Public Transportation in Singapore (Bus)

Public Transportation in Singapore (Bus)

While we love the excitement and convenience of living in a major metropolis, it’s undeniable that city life comes with certain costs: congestion, pollution, and a higher cost of living being but a few of the most common issues. Public transportation is a common gripe of commuters around the world as subways and buses are filled to bursting with the crowds, and are often considered dirty or even unreliable. In Singapore, however, while the overcrowding is certainly an issue during peak hours, public transportation is generally clean, prompt, and reliable.

When Singapore first gained independence in 1965, the main form of public transportation was the bus. The biggest bus operator then was Singapore Traction Company, a company which monopolised bus routes within the central area of the city. After government protectionism was removed, the company folded due to economic pressures while three smaller players weathered the storm. These three companies merged into one and became known as the Singapore Bus Service, a name to which the current SBS Transit, the largest and most extensive of the four current bus operators, pays homage. However, in order to encourage better service and efficiency, the government then created a second public transport company, Trans-Island Bus Services. This was later subsumed by the SMRT Corporation, whereupon SMRT Buses became the second major operator of bus services in Singapore.

With passengers taking over 3.8 million rides in 2015 and with two new service providers joining the long established ranks of SBS Transit and SMRT Buses in 2016, it’s safe to say that this mode of transportation remains extremely popular today. Tower Transit Singapore officially commenced operations on 29 May 2016, while Go-Ahead Singapore (we kid you not about the name) was the newest operator to join the group on 4 September 2016.

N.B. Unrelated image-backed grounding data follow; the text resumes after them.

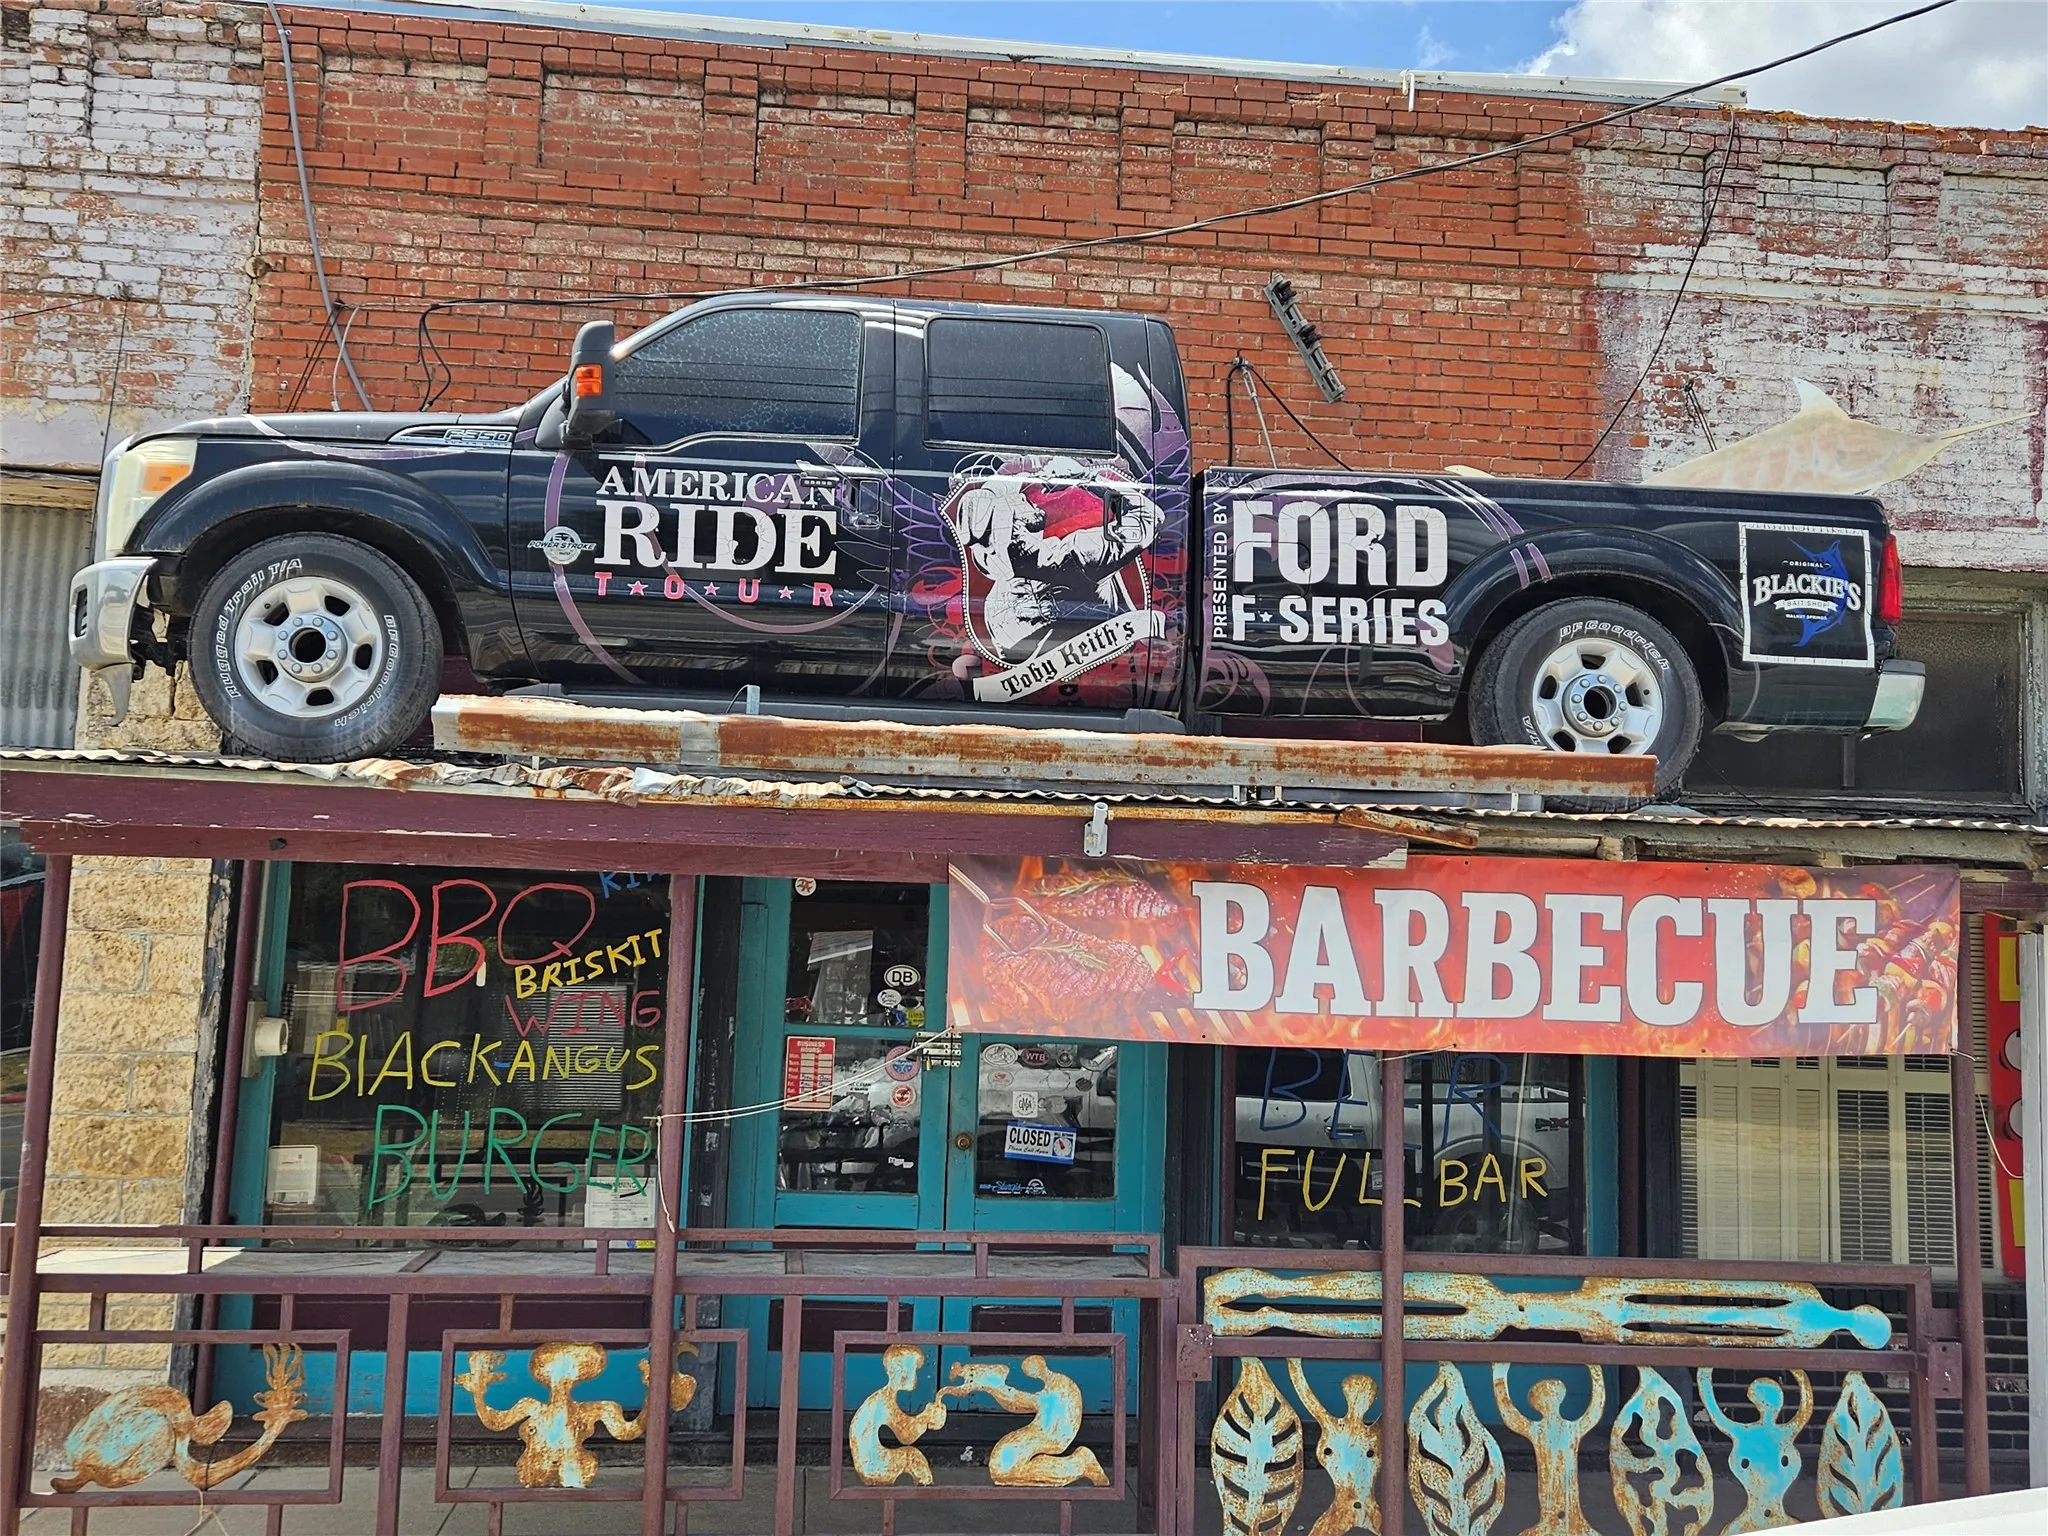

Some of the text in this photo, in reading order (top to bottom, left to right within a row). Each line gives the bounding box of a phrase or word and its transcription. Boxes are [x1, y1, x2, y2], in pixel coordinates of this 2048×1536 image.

[444, 428, 513, 442] F350
[595, 465, 836, 507] AMERICAN
[528, 540, 596, 551] POWER STROKE
[594, 499, 837, 575] RIDE
[1232, 500, 1448, 587] FORD
[1213, 501, 1228, 638] PRESENTED BY
[1752, 573, 1862, 611] BLACKIE'S
[215, 558, 302, 698] Rugged Trail T/A
[1279, 594, 1450, 646] SERIES
[1807, 600, 1827, 608] SHOP
[334, 614, 399, 727] BFGoodrich
[1000, 620, 1135, 697] Toby Keith's
[1559, 619, 1671, 671] BFGoodrich
[337, 879, 596, 1013] BBQ
[514, 928, 663, 999] BRISKIT
[891, 970, 913, 983] DB
[1191, 881, 1879, 1027] BARBECUE
[505, 990, 661, 1037] WING
[1025, 1052, 1046, 1061] WTB
[369, 1104, 652, 1209] BURGER
[1009, 1127, 1051, 1147] CLOSED
[1258, 1149, 1548, 1220] FUL BAR

There are many benefits that arise from taking the bus. The buses are well-maintained, clean and prompt in arriving at regular timings and intervals. Even if you are taking a bus on an unpopular route during a non-peak period, the longest you’d ever have to wait for a bus should be about 20 minutes or so. Shorter waiting periods of five to ten minutes are common, especially for feeder buses that ply certain neighbourhoods. For those with reduced mobility, many buses in Singapore are wheelchair accessible, where the driver will personally set down a ramp as and when anyone with a wheelchair wishes to board or disembark.

Special services are also available throughout the island. The NightRider and Nite Owl buses, run by SMRT and SBS respectively, provide late night services on weekends and the eves of public holidays. Premium bus services are run by both public and private bus companies, and these are commonly taken by commuters who need to travel in and out of the Central Business District during peak hours or to office compounds located in isolated neighbourhoods. For a flat fee between $2.70 and $7.00, passengers taking the Premium service are guaranteed a seat on board and a comfortable ride to their destination. Fast Forward buses, like their namesake, are another example of a special bus service as these buses allows passengers to enjoy a shorter commute to and from high-traffic areas during peak hours by eliminating numerous stops along the way.

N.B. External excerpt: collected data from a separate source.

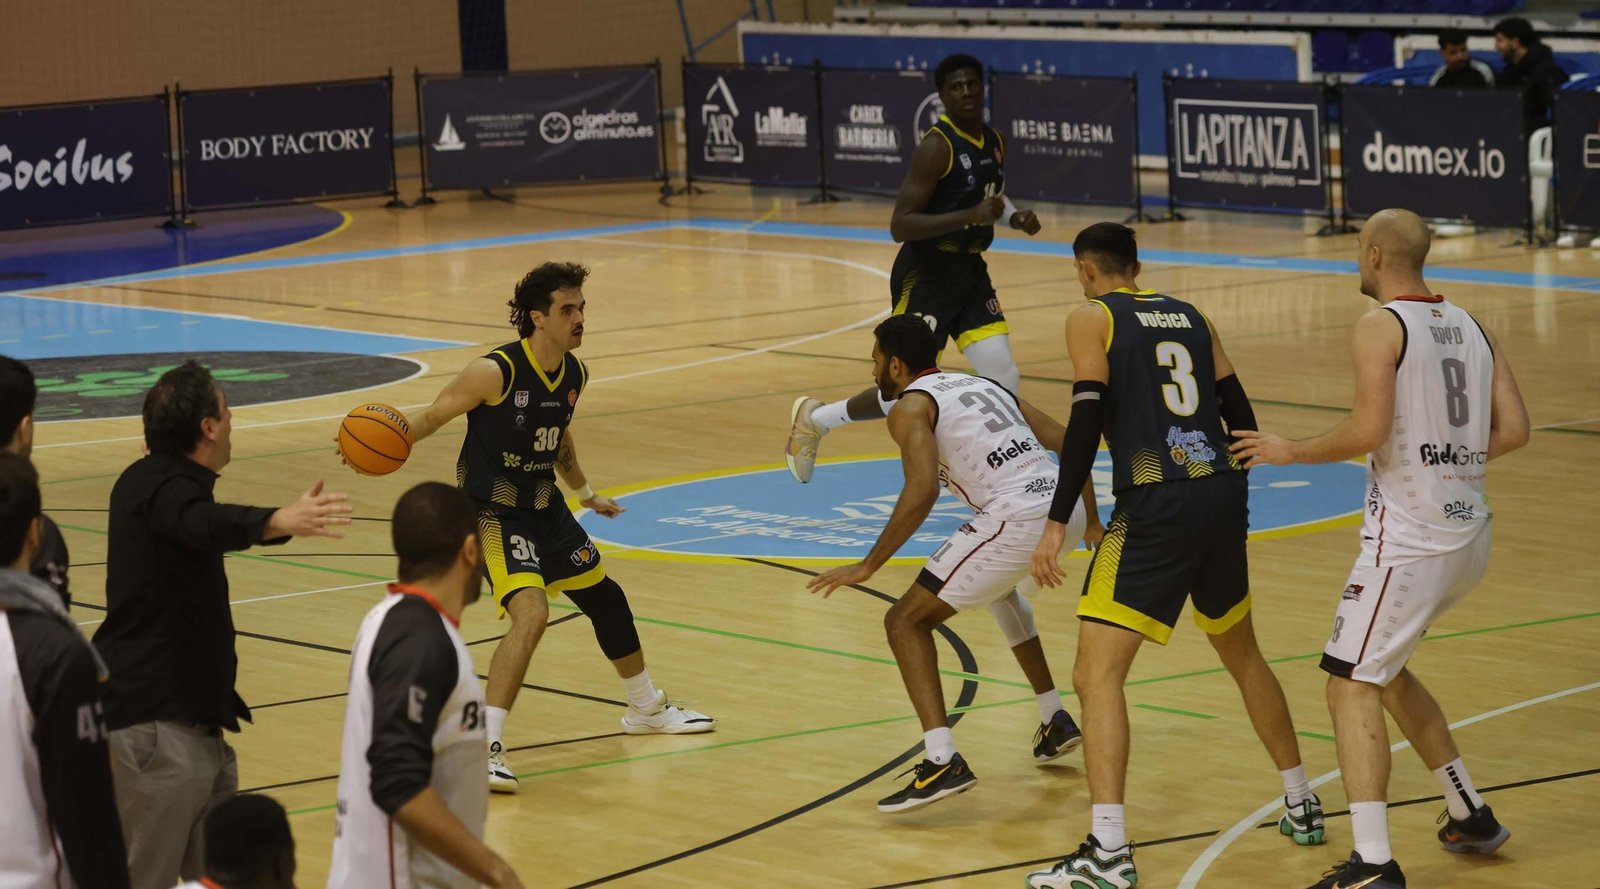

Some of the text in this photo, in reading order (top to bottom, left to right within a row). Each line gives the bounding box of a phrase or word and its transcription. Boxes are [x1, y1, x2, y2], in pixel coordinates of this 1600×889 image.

[200, 127, 375, 161] BODY FACTORY
[1012, 118, 1114, 144] IRENE BAENA
[1181, 112, 1310, 171] LAPITANZA
[1362, 130, 1506, 179] damex.io
[1134, 310, 1193, 329] VUČICA
[1155, 340, 1200, 417] 3
[1441, 357, 1470, 428] 8
[366, 405, 409, 436] Wilson
[958, 387, 1029, 434] 31
[533, 426, 560, 452] 30
[686, 505, 951, 542] Ayuntamieto
[1332, 615, 1345, 643] 8

On the other hand, what’s not so great about travelling by bus is the poor design in some of the newer buses, as well as the uncertainty of alighting at the right stop faced by those who are new in town. Unlike their London counterparts, our red topped buses here are not installed with an electronic screen which indicates the name of each stop that the bus pulls up at. Nevertheless, you can tell bus stops apart by their unique identification numbers which are considerately labelled on the side of the shelter roofs and on the small placards hanging on the signposts. In either case, it’s a sure bet that the number would duck shyly out of sight just as soon as the bus draws up close enough for you to read. As such, If no places of interest are within sight, your best bet would be to suck it up and ask the driver for confirmation of your current location, or to decide if that was indeed bus stop 52069 or 52089 you had seen flashing past, before the bus door closes again.

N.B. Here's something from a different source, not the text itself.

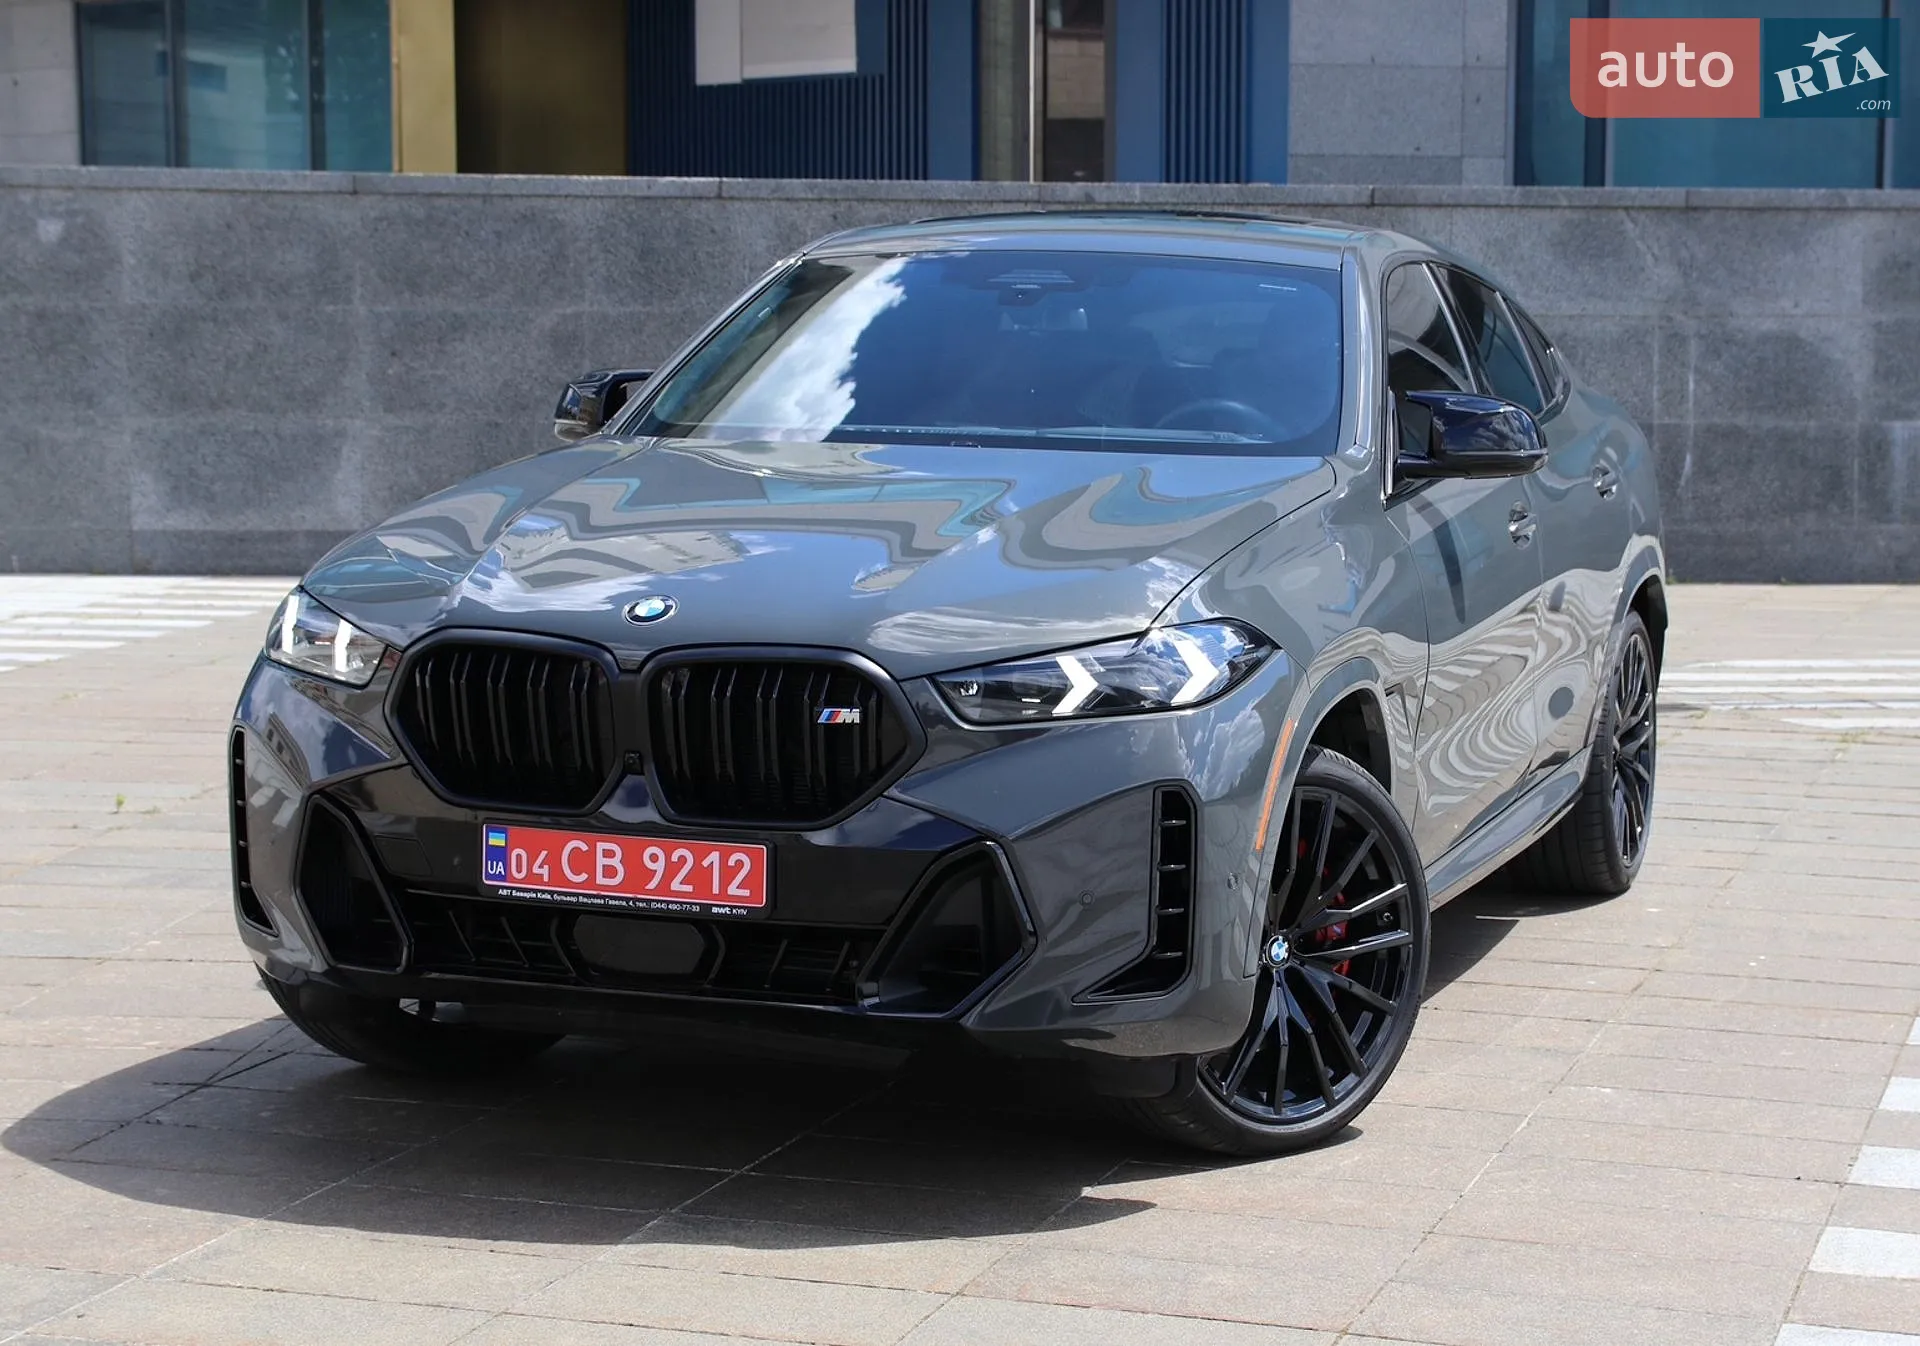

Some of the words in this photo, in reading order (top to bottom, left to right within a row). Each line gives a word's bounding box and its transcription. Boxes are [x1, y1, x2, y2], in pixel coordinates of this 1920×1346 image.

[488, 859, 505, 876] UA
[510, 848, 550, 882] 04
[561, 839, 626, 886] CB
[642, 846, 752, 897] 9212

Another mildly irritating feature of bus travel would be the design of major operator SBS’s newer buses. These buses can be told apart from the older models by their raised seats at the back which allow those passengers to gaze down upon humanity from their lofty seats. And it may not be just those passengers who are getting a good view as the wide windows at the back of the bus extend perilously close to the very seats themselves. You can draw your own conclusions from that. It’s also unsurprising that the elderly and infirm face difficulty in clambering up to these seats and in extricating themselves safely afterwards.

Standing room is also severely compromised in such buses. The back aisle seems to have been carefully designed to provide standing room a single person, and is often the cause of a tricky situation for people who have to get out from their seats while contorting their bodies and bags around the other longsuffering standing passengers à la Cirque du Bus.

In any case, love it or hate it, the bus is an indispensable part of everyday life in Singapore, and a genuine godsend to those who despair of the intermittent breakdowns on the MRT as well as the human crunch experienced during peak hours. On the bus at least, you’d always be assured of some personal space if you’re lucky enough to grab a seat, and plenty of time to finish replying those emails on your way home.